I think given a chance to be exposed to different viewpoints/information that young people can make intelligent choices as to where they stand in the long run be it left or right.
First off, you all have to stop whining on blogs and get involved locally and be vocal.
I send my son to a private school and most of the parents and teachers are conservative. Unfortunately, most have been afraid to come out of the closest because of years of “PC” indoctrination by the media that has got everybody scared and trained into silence if you oppose.
At first, I had no idea that most of the parents and teachers ran more conservative because everyone was silent. Someone has to take a risk and be vocal. Once you out yourself as a conservative, you would be shocked by the amount of folks who agree with you. Once you get the ball rolling more folks will stand up and be counted. Now the school management thinks twice about pulling any PC crap because they know they are going to get a ruckus.

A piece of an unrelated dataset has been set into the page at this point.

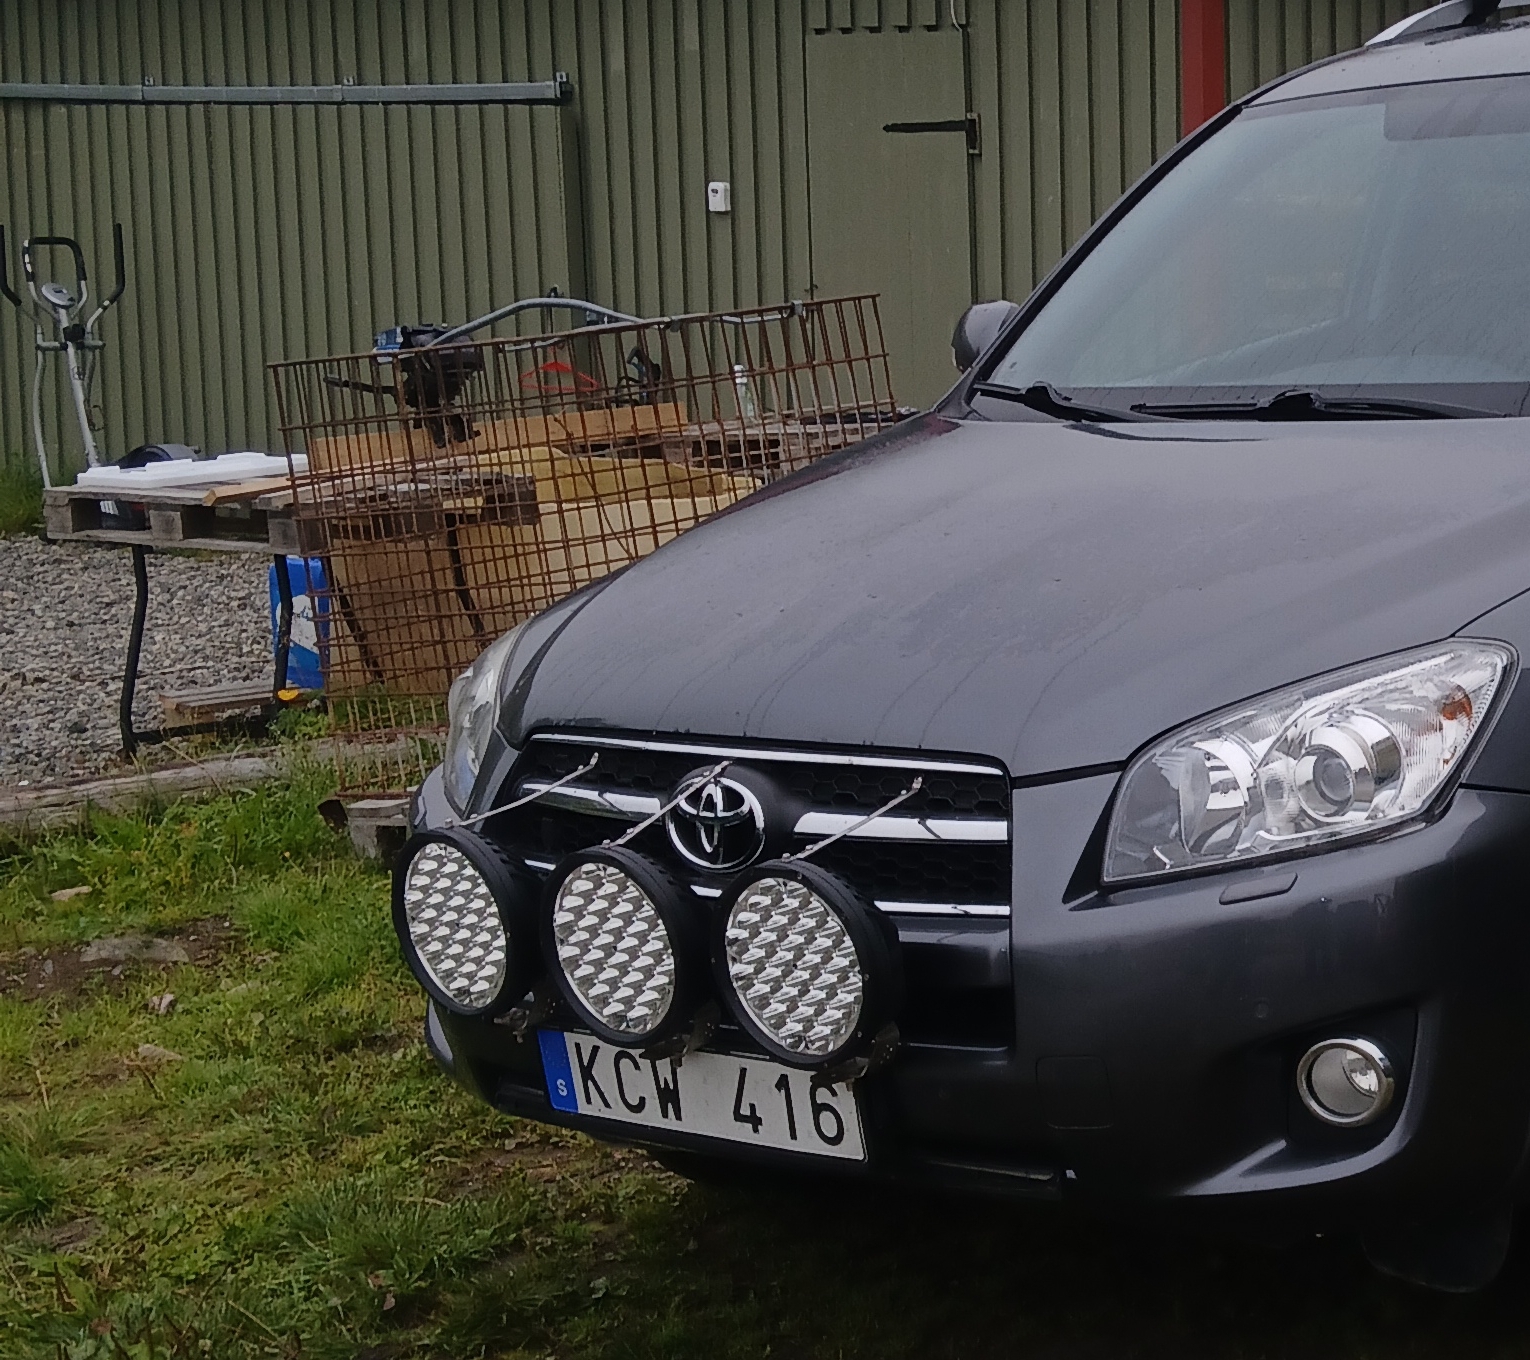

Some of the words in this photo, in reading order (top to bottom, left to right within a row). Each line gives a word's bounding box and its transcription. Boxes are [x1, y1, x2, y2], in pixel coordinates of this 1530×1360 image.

[557, 1079, 568, 1096] S
[574, 1042, 682, 1121] KCW
[733, 1067, 845, 1146] 416

Now obviously we have an advantage because we can pull our kids out. Also, I think the company that provides our school (Noble Learning) may run more conservative than public school, but they have to satisfy the PC gods to some extent to get accreditation. (Speculation on my part) If all else fails, educate your kids yourself with the truth and that will inoculate them from that crap.
I swear though, it seems to be human nature for folks to grease the squeaky wheel. The libs have been the squeaky wheels since the sixties with great effect. It is now time for conservatives to be the squeaky wheels. The more discomfort you cause, the more other folks will bend to accommodate you. Look at the effect the Tea Partiers are having by just having a few rallies. Now is the time, most people are sick of this PC, multi-culti, Gaia worshiping crap anyway. I really sense the pendulum beginning to swing so help push it whenever you can.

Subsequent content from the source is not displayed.